Friday, March 04, 2016



  "When we consider Paul, let us look deeply into his mission, in order to adopt more fully the spirit of his mind. His daily walks through Rome exposed him to its many splendors: but he dived into the lanes and suburbs on which no glory of history is shed; and found the haunts of the scorned Hebrew: they entered the degraded revels of the slave: they sought out the poor foreigner, attracted by the city's wealth, and perishing amid its desolation: they crept to the pallet on which the fever and poverty were stretched, offering the hand of restoration, and whispering the lessons of peace. This was his noblest dignity: not that he publicly pleaded before princes, but that he secretly encouraged the outcast and the friendless; not that he paced the forum, but that he lingered in the dens of wretchedness, and refreshed the hardened heart with gentle sympathies, and connected the alien with the fraternity of men, and shed upon the darkest lot a confidence in God and a light of hope. And what is true of this great apostle is true of the religion which he spread, and which we profess.
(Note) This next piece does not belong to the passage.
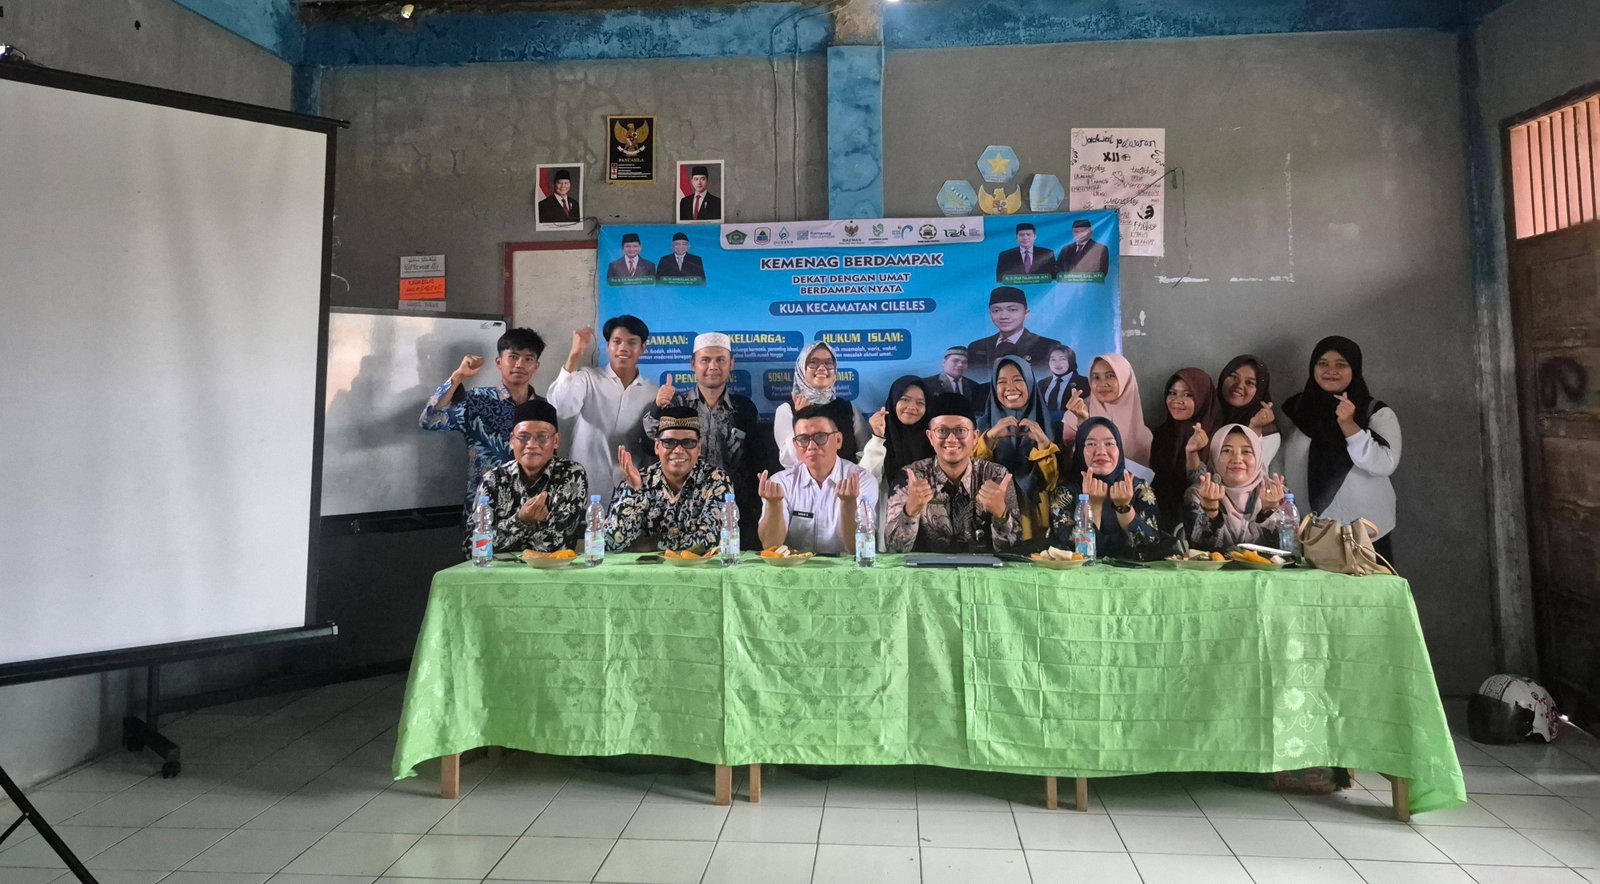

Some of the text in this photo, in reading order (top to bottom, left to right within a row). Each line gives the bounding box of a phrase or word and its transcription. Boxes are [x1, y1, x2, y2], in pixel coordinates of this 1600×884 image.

Its true dignity is, that unseen it has ever gone about doing good."

James Martineau.

Tuesday, March 01, 2016



"We must ever grow from darkness and the earth; enough if the blossom and the fruit be worthy of the sunshine and the heaven." Martineau. 

We will grow from darkness and earth, from decay and waste, it is the cycle of nature. We hope, regardless of our past, we grow and make our lives with the materials we have; no one will rescue and remove our past, but God will guide us to use our lot in life as it is, with its past, to improve our future.